Koenigswald, Mbah Toto, dan Mitos Balung Buto

0
812
Keberlanjutan Penelitian Pasca

Diawal penelitian Koenigswald di tahun 1930-an, fosil ditempatkan masyarakat sebagai benda keramat yang dimanfaatkan sebagai media pengobatan, magis dan sebagai jimat. Sebelum kedatangan peneliti asing seperti Koenigswald, masyarakat masih percaya dengan Mitos “Balung Buto”  yang artinya tulang raksasa.

Mitos Balung Buto itu sangat kental dikalangan masyarakat yang sudah menerima warisan turun temurun tentang kisah pertempuran para raksasa. Dan fosil-fosil yang berserakan di sekitar masyarakat itu adalah tulang-tulang raksasa yang mati pada pertempuran itu.

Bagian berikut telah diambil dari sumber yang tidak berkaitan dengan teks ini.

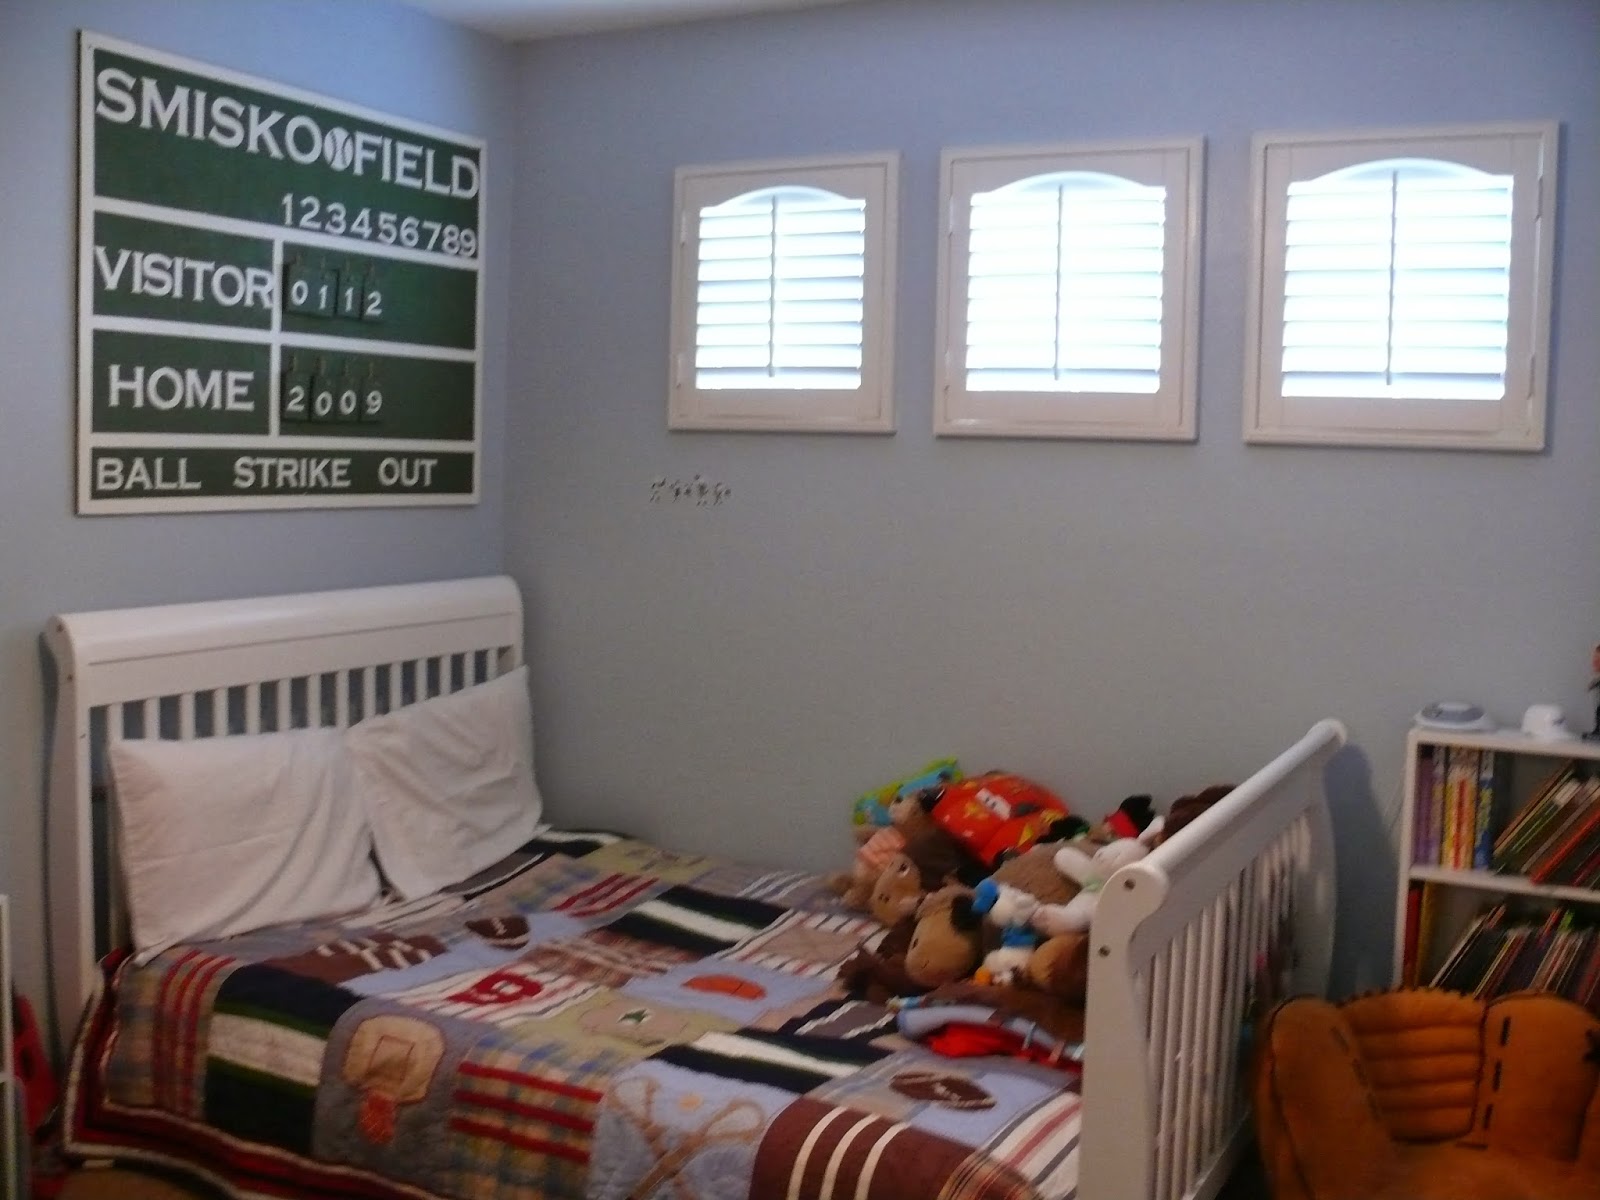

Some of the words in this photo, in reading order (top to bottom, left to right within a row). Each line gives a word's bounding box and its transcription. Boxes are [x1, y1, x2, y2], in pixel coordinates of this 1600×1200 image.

Persepsi masyarakat terhadap fosil ini secara perlahan dirubah oleh Koenigswald melalui pendekatan budaya. Pendekatan budaya ini dilakukan Koenigswald dengan mengajak seorang tokoh masyarakat kala itu untuk menjadi asistennya. Orang itu adalah Toto Marsono yang akrab dipanggil dengan sebutan Mbah Toto. Kala itu Mbah Toto menjadi orang yang disegani masyarakat, apa yang diucapkan menjadi titah dan selalu diikuti bagi masyarakat. Mbah Toto saat itu menjabat sebagai Lurah Desa Krikilan, suatu desa awal dimana Sangiran mulai dikenal sebagai sebuah situs pra sejarah.

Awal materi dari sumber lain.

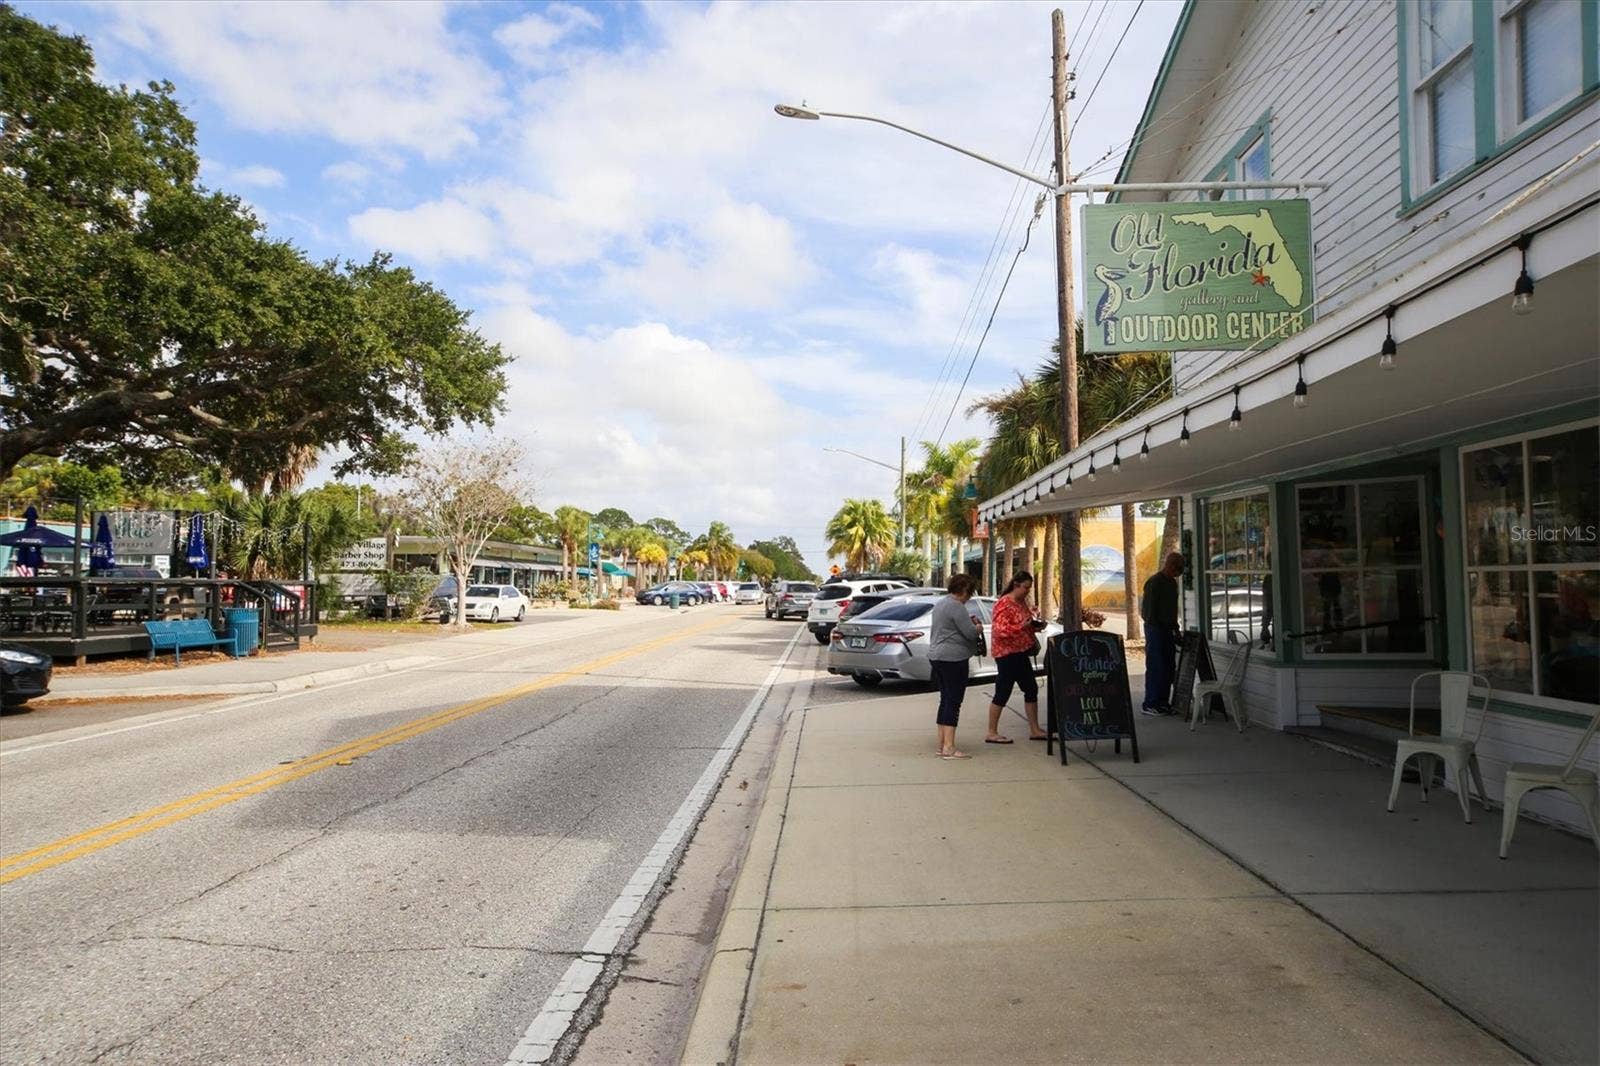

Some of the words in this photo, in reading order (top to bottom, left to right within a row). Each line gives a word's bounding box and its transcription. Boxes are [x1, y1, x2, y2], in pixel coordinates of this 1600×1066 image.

[1110, 211, 1167, 254] Old
[1124, 231, 1281, 302] Florida
[1178, 289, 1228, 312] gallery
[1232, 290, 1260, 305] and
[1121, 313, 1219, 344] OUTDOOR
[1226, 311, 1305, 341] CENTER
[357, 541, 386, 549] Village
[363, 551, 385, 560] Shop
[1060, 636, 1090, 657] Old

Secara perlahan pengaruh Koenigswald disebarkan Mbah Toto kepada masyarakat, ilmu yang didapat dari Koenigswald itu tentang fosil mulai disebarkan pada masyarakat. Ilmu dari Koenigswald tentang bagaimana mengenali jenis fosil, lokasi-lokasi yang kaya temuan fosil hingga pelibatan masyarakat dalam penelitian yang dilakukan Koenigswald. Masyarakat yang mendapatkan fosil, oleh Mbah Toto diperintahkan menyerahkan pada Koenigswald yang kemudian diberi imbalan berupa uang.

Pengaruh tokoh lokal dan juga imbalan uang ini mampu merubah persepsi masyarakat tentang fosil. Fosil yang dahulu dikenal masyarakat sebagai “Balung Buto” bergeser menjadi fosil yang dapat dimanfaatkan guna mendapat imbalan berupa uang.   (Wiwit Hermanto)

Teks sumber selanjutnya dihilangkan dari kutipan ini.